=== Data listing ===

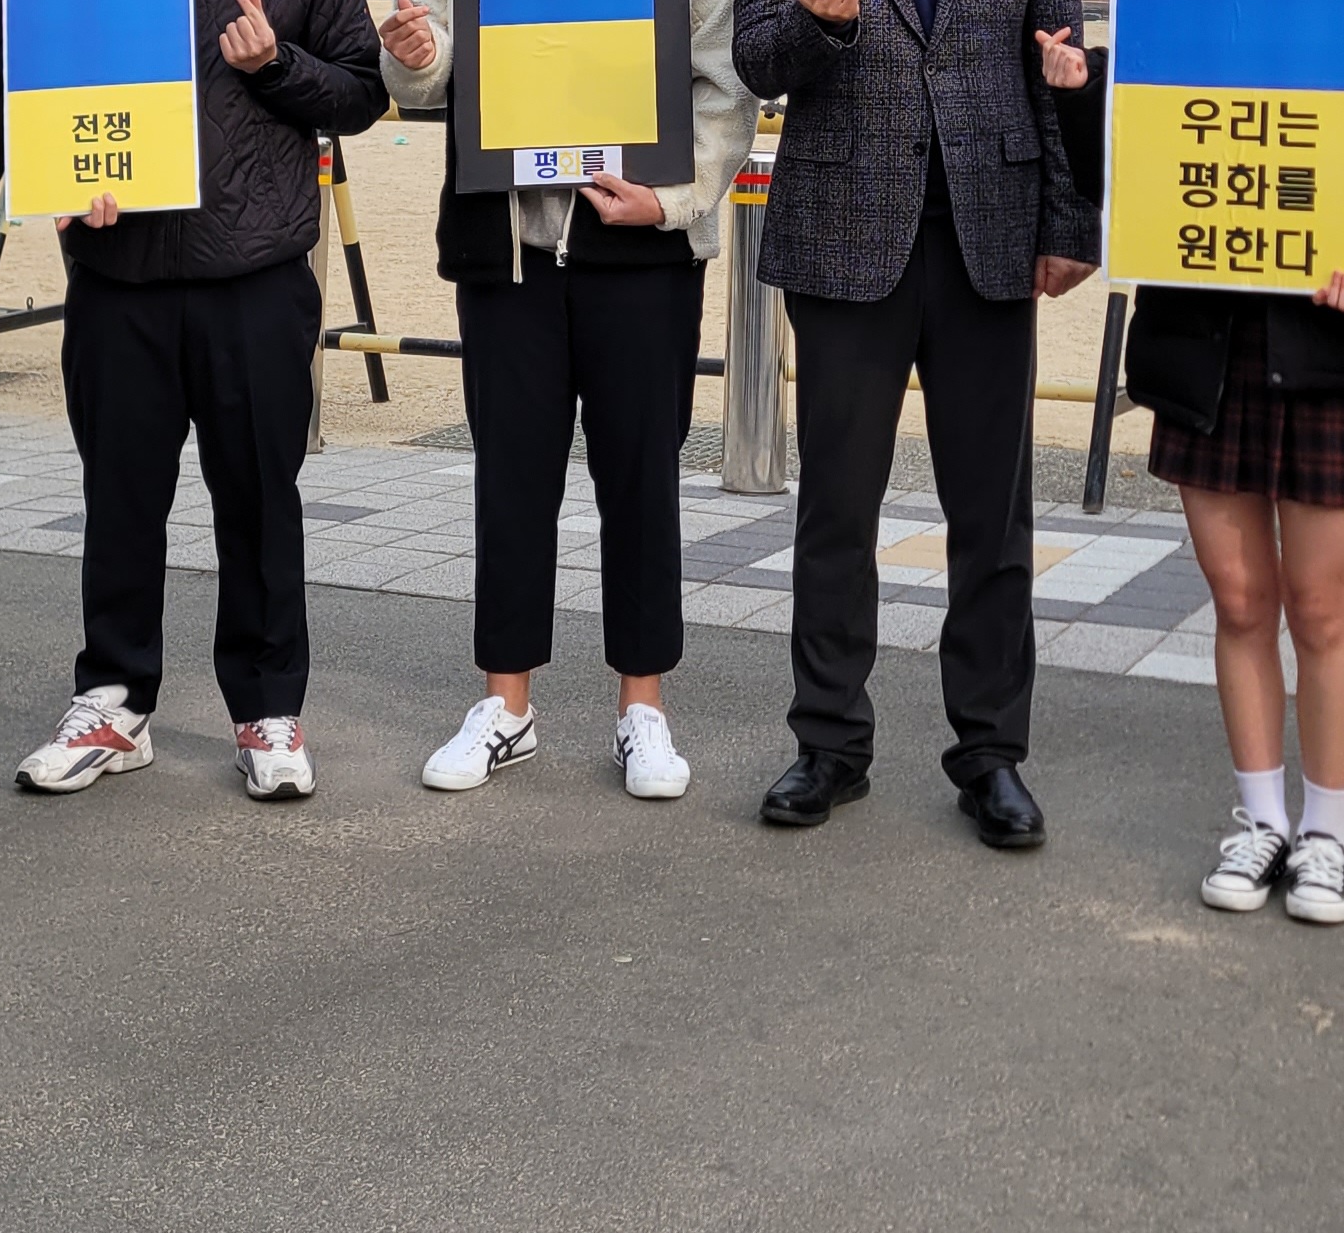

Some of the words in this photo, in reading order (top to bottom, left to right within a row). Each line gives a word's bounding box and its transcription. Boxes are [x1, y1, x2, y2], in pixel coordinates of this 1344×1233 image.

[71, 111, 132, 143] 전쟁
[1181, 98, 1319, 148] 우리는
[72, 150, 134, 183] 반대
[534, 150, 605, 179] 평화를
[1179, 161, 1318, 213] 평화를
[1177, 223, 1318, 276] 원한다
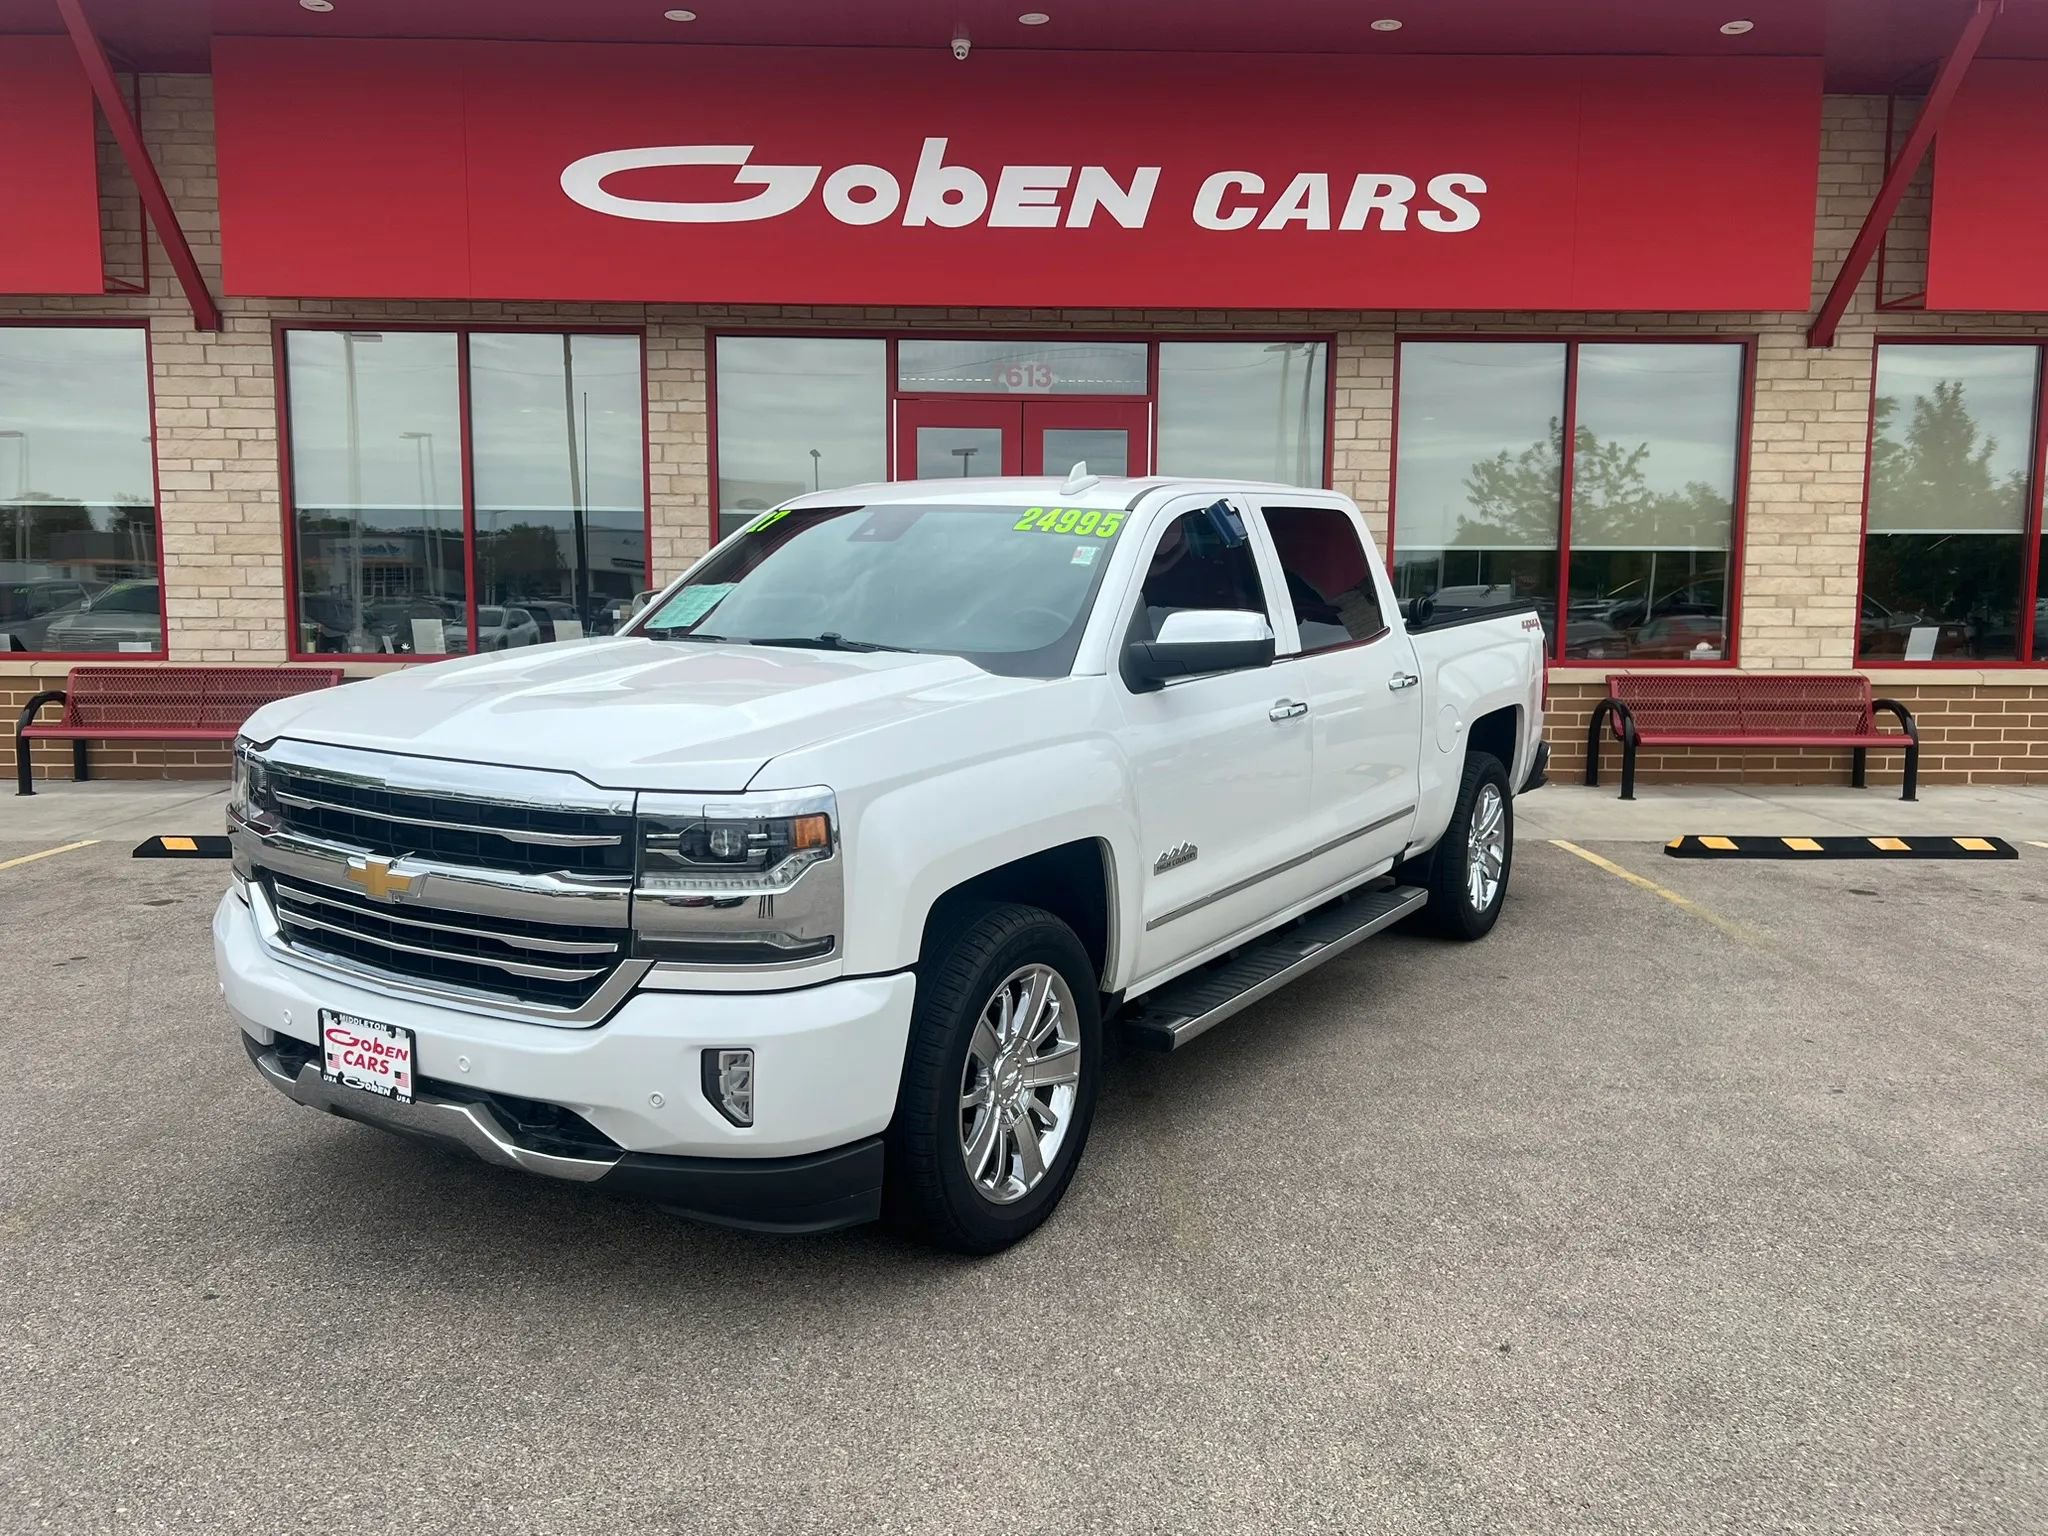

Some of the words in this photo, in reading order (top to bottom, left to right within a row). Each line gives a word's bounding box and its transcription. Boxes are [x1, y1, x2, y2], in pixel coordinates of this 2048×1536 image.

===

## Directions
With the pictures removed, repeat the listing above exactly as it stands.

## Result below
Some of the words in this photo, in reading order (top to bottom, left to right within a row). Each line gives a word's bounding box and its transcription. Boxes are [x1, y1, x2, y2], in pixel coordinates of this 1344×1233 image.

[71, 111, 132, 143] 전쟁
[1181, 98, 1319, 148] 우리는
[72, 150, 134, 183] 반대
[534, 150, 605, 179] 평화를
[1179, 161, 1318, 213] 평화를
[1177, 223, 1318, 276] 원한다

Some of the words in this photo, in reading order (top to bottom, left to right within a row). Each line gives a word's bounding box and its transcription. Boxes are [x1, y1, x2, y2], in pixel coordinates of this 2048×1536 image.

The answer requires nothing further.